Saved data entries>

**********

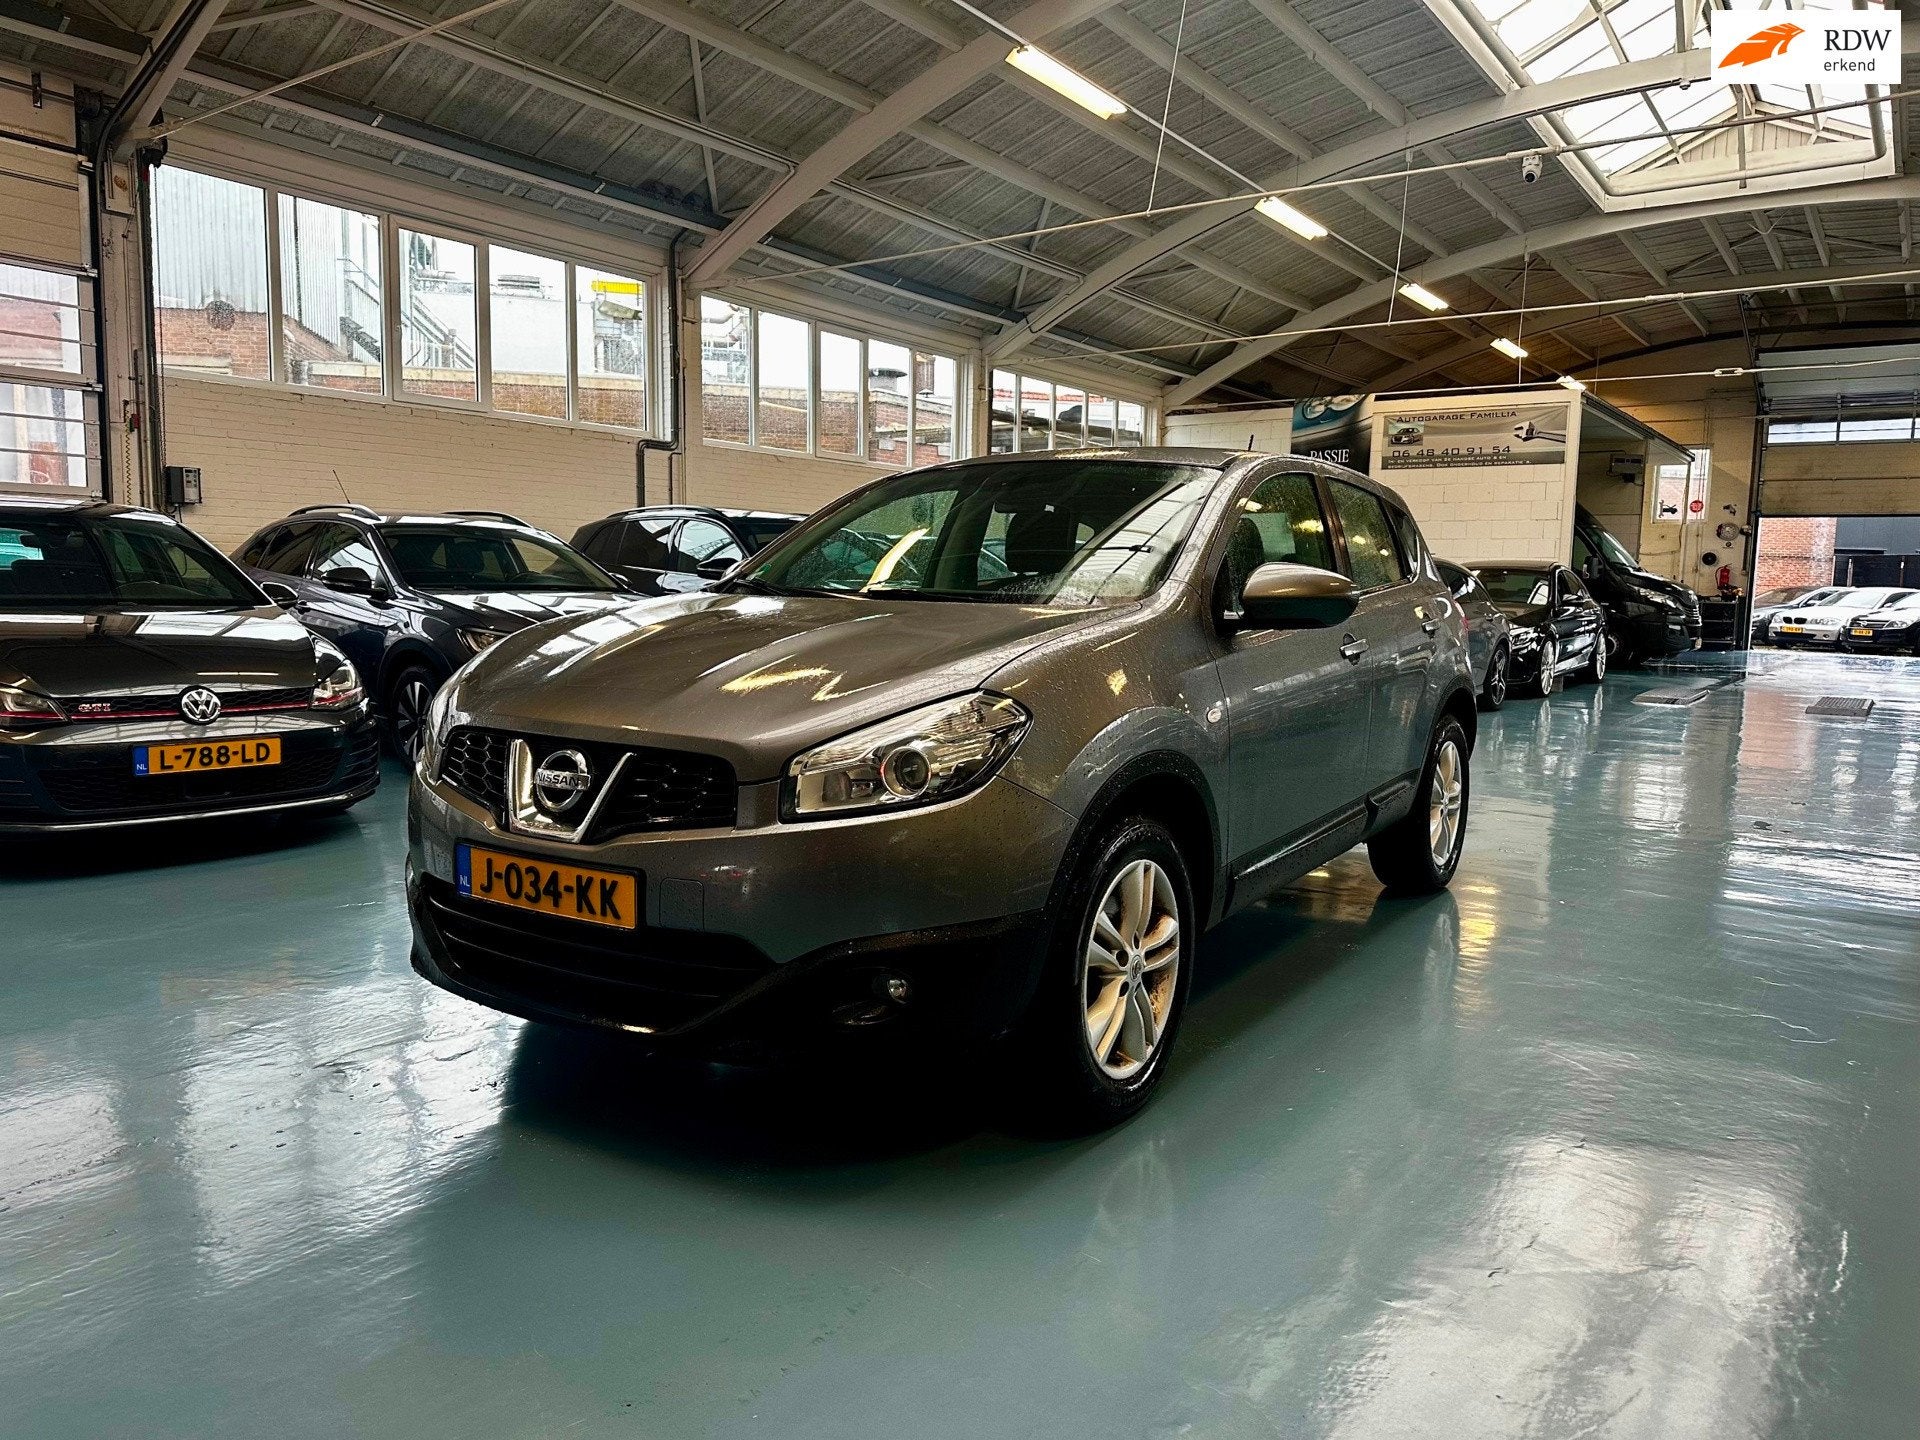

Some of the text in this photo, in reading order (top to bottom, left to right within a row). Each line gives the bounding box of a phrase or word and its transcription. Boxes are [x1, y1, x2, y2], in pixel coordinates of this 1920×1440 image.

[1310, 449, 1349, 463] PASSIE
[1416, 448, 1435, 457] 48
[1441, 447, 1460, 456] 40
[1466, 446, 1483, 455] 91
[1492, 445, 1511, 454] 54
[78, 703, 111, 712] GTI
[160, 742, 270, 770] L-788-LD
[136, 763, 147, 771] NL
[538, 772, 579, 787] NISSAN
[459, 876, 470, 887] NL
[480, 857, 621, 920] J-034-KK
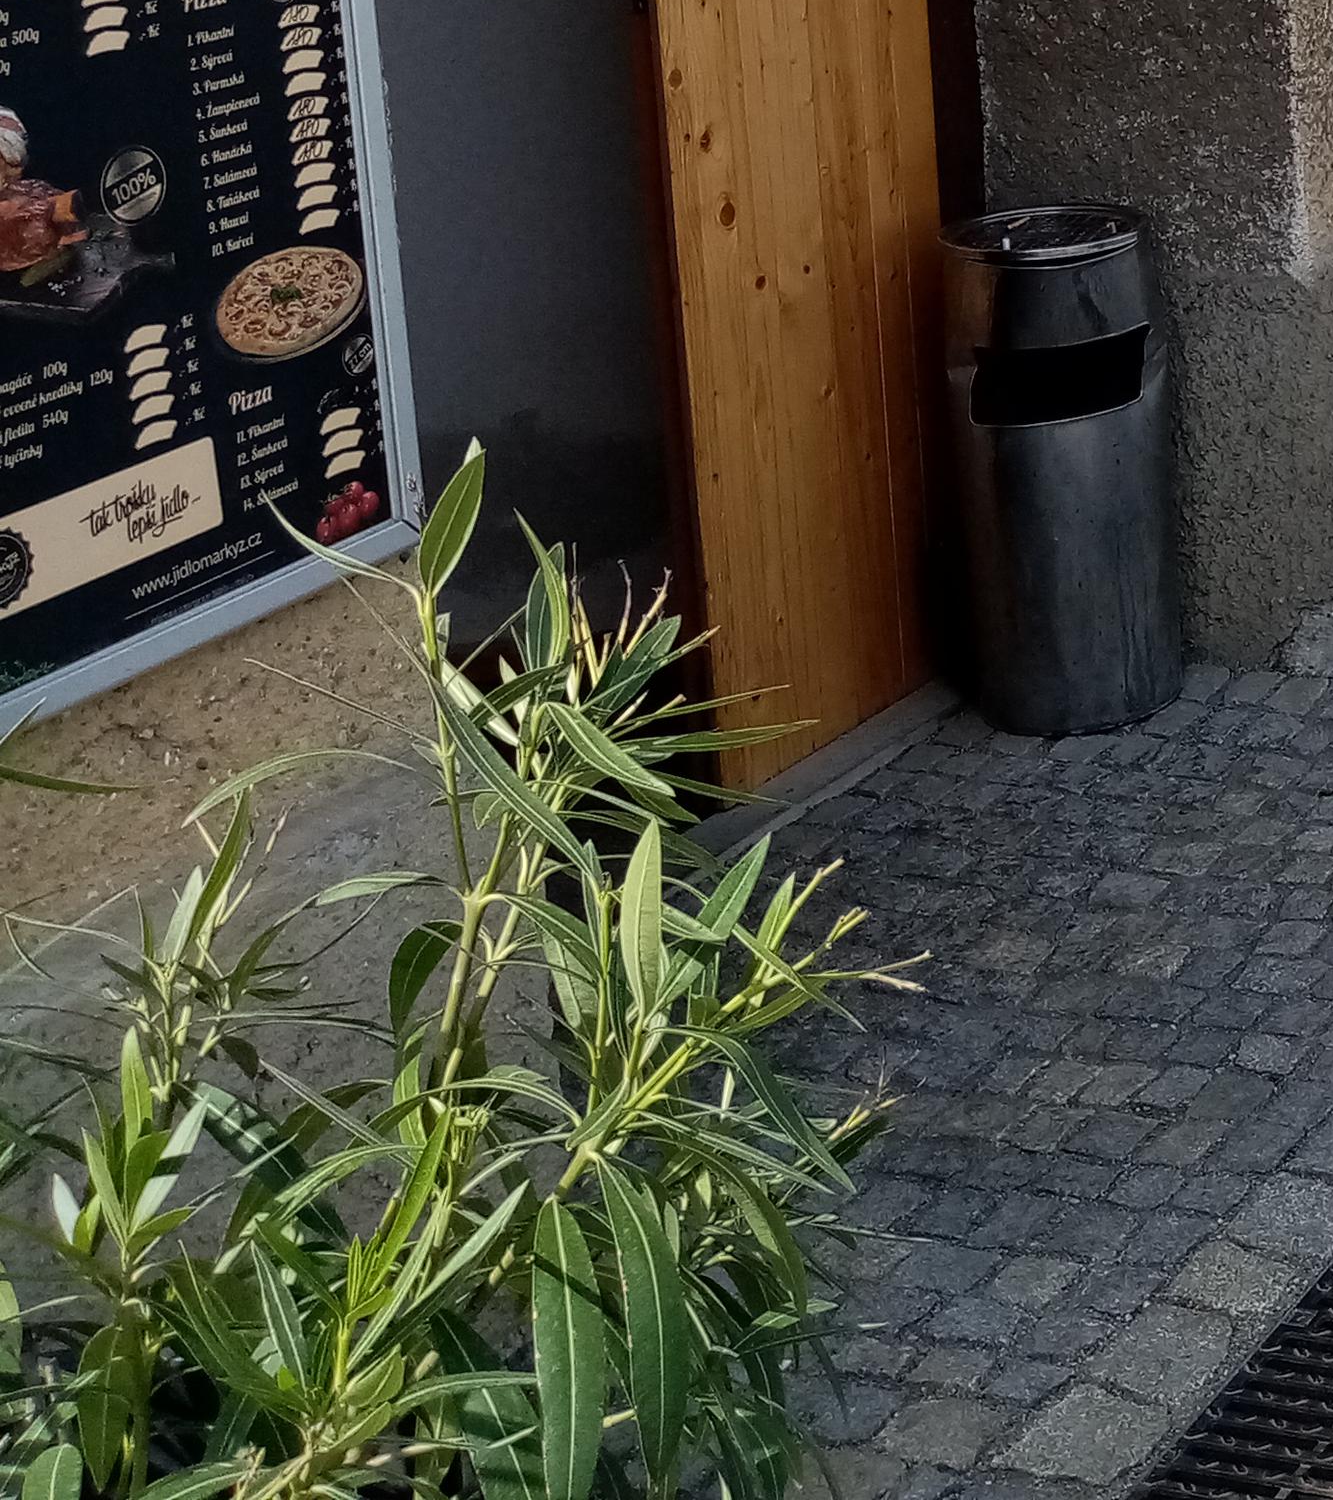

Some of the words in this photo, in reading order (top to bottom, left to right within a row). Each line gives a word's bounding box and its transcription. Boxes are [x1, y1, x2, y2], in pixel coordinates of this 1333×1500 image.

**********

Task statement>
Quote the records in full and exactly; skip any image.

Exercise output>
Some of the text in this photo, in reading order (top to bottom, left to right within a row). Each line gives the bounding box of a phrase or word and its transcription. Boxes are [x1, y1, x2, y2], in pixel coordinates of this 1920×1440 image.

[1310, 449, 1349, 463] PASSIE
[1416, 448, 1435, 457] 48
[1441, 447, 1460, 456] 40
[1466, 446, 1483, 455] 91
[1492, 445, 1511, 454] 54
[78, 703, 111, 712] GTI
[160, 742, 270, 770] L-788-LD
[136, 763, 147, 771] NL
[538, 772, 579, 787] NISSAN
[459, 876, 470, 887] NL
[480, 857, 621, 920] J-034-KK

Some of the words in this photo, in reading order (top to bottom, left to right within a row). Each line gives a word's bounding box and its transcription. Boxes are [x1, y1, x2, y2], in pixel coordinates of this 1333×1500 image.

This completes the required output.